Nja Mahdaoui (born 1937) is a Tunisian artist known for his use of calligraphy as a graphic art form. He has often been described as a 'choreographer of letters.'

==Early life and education==
Nja Mahdaoui was born in Tunis in 1937. He initially studied painting and art history at Carthage National Museum, but later, encouraged by the director of the Italian Cultural Centre in Tunis, studied painting and philosophy at the Santa Andrea Academy in Rome (1966–1968).

He later moved to Paris to go to the Cité internationale des arts, where he attended courses at the École du Louvre. Mahdaoui returned to Tunisia in 1977 and currently lives and works there.

==Career==
Mahdaoui began his career as an abstract painter in the 1960s, then continued by experimenting with Arabic calligraphy.
Mahdaoui has tried various traditional and experimental media. He produced his first paintings on parchment in 1972, he became interested in weaving and carpet production in 1979 and he began to paint on animal skins and on the human body in 1980.
Today he is known as the "inventor of abstract calligraphy," since his designs resemble Arabic letters, but have no literal meaning. When asked about his style Mahdaoui said, "I use fragmented and distorted letters to reject valuing each character."
He started using his own personal 'calligrams' on various mediums such as: canvas, papyrus, sculpture, aluminum, brass, drum, textile, embroidery, tapestry, ceramic, wood, jewelry, stained steel glass, planes, etc. On account of his use of calligraphy in art, he is said to be part of the Hurufiyah art movement.

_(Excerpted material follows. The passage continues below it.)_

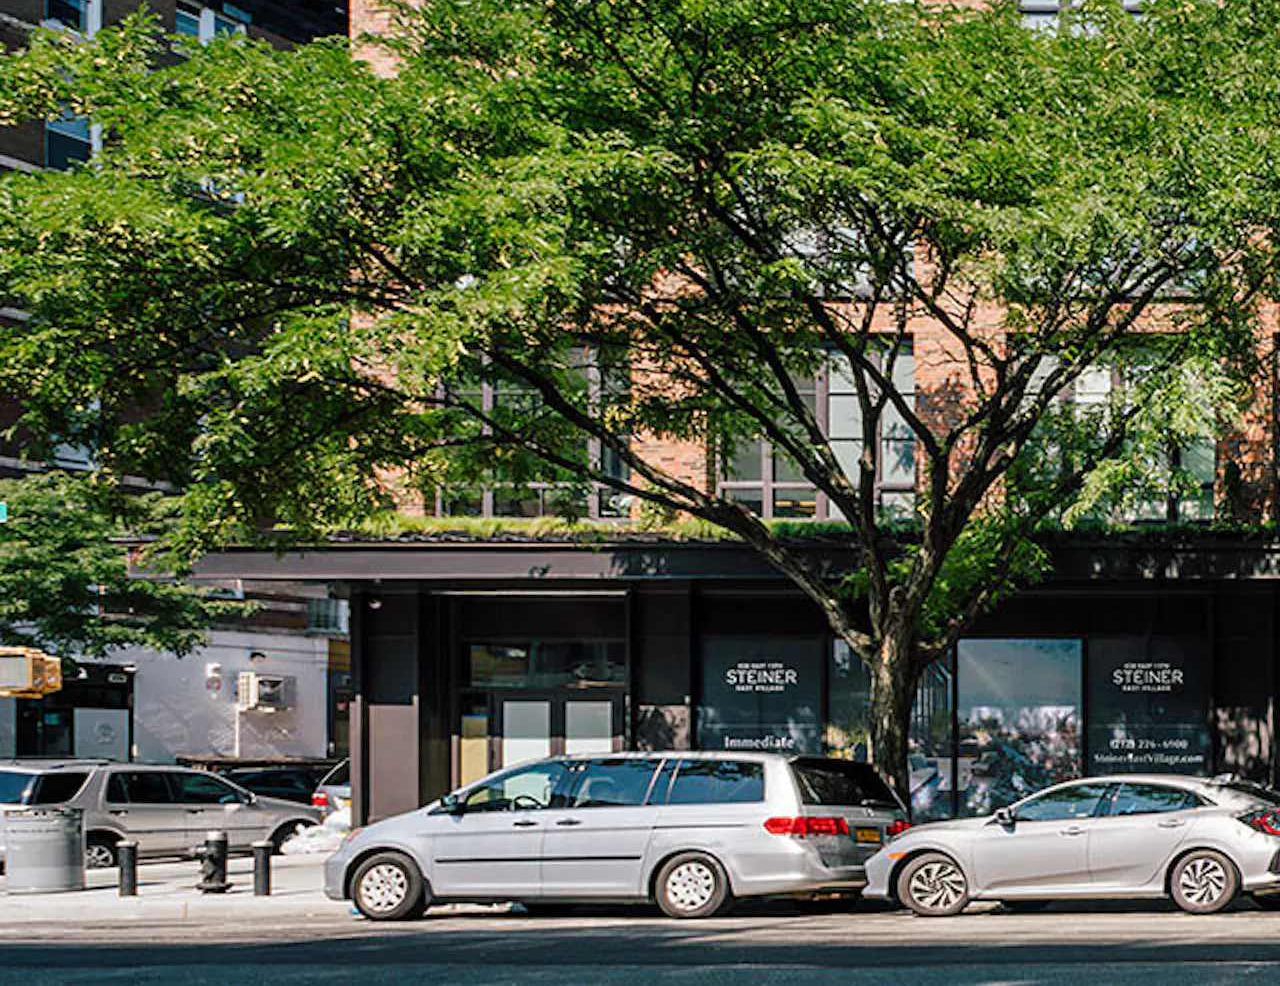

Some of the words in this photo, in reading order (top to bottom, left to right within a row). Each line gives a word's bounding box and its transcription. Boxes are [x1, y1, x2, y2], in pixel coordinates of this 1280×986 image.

[726, 668, 798, 685] STEINER
[1112, 668, 1184, 685] STEINER
[724, 735, 795, 749] Immediate

Mahdaoui is of a generation of Arab artists who studied abroad but sought inspiration from their traditional roots. Mahdaoui focused on the poetic quality of Arabic text, and invented a graphic style involving calligraphic works. Rose Issa, a curator, has described his work saying, "Mahdaoui is careful not to emphasize the meaning of words but stresses instead the visual effect of compositions. His 'calligrams' evoke infinite pleasures in rhythms, fast or slow, born from tension of the wrist, somewhat in the manner of a melodic flow, rising and fading away".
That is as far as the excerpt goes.